With the lattice design in the middle of the fruit, there are so many options for interpretation. I decided to go with silk shading in the middle of the fruit, with goldwork around it. So that central lattice section is solid (shaded) color. It was actually at the point of finishing it that I decided my stylized pomegranate is looking more like an artichoke.

A red artichoke, no less.

Goldwork Embroidery: Stylized Pomegranate

The first thing I did was split stitch the lattice in the darkest red. This provided an outline for each diamond, which I shaded using long and short stitch and four shades of red – the lightest pink at the top, followed by the next lightest shade, and then one of the medium values, and ending with the darkest at the base of the diamond.

Goldwork Embroidery: Stylized Pomegranate

You can see the shades here a bit better. I didn’t cover the split stitch line, by the way. I left that visible, to mark the lattice.

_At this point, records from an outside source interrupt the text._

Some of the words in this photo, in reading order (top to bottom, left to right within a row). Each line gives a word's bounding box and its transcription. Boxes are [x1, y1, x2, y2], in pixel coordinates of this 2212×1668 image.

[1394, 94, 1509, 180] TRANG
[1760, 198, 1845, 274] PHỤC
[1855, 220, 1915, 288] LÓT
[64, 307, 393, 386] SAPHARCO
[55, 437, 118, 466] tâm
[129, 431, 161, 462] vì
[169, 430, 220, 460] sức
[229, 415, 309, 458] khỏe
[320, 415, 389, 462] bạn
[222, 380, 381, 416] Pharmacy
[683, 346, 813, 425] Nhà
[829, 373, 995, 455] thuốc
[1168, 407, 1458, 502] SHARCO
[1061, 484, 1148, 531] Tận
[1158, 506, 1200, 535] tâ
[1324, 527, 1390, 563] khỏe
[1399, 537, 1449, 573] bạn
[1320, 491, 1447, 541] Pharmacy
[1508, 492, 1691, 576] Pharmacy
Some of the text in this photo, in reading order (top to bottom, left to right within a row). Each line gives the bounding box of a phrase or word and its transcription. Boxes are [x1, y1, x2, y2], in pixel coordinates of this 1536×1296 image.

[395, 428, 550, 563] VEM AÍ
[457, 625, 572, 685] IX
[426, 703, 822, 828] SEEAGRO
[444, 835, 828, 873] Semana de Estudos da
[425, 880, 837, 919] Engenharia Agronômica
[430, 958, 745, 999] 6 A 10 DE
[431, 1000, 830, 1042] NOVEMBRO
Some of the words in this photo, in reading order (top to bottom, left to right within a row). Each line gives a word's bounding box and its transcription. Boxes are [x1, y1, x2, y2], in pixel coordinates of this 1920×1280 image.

Goldwork Embroidery: Stylized Pomegranate

You can see here a couple layers of shading and the basic shape I followed for doing the long and short stitch.

Goldwork Embroidery: Stylized Pomegranate

And that’s the finished center area. I’m not sure – I might put some gold in there. What do you think? It might be easier to decide after seeing the goldwork around this section first.

Goldwork Embroidery: Stylized Pomegranate

For the little fleur de lys tip, I started at the top with the lightest pink and shaded down the center section, and then, with the two arms under the turn-overs (the frito-looking felt things!), I used the darker values down to the base.

So there it is – the silk shading is finished on the fruit. I’m going to do the goldwork on the fruit before moving on to the stem. Otherwise, we’d be waiting forever to get to the really fun stuff!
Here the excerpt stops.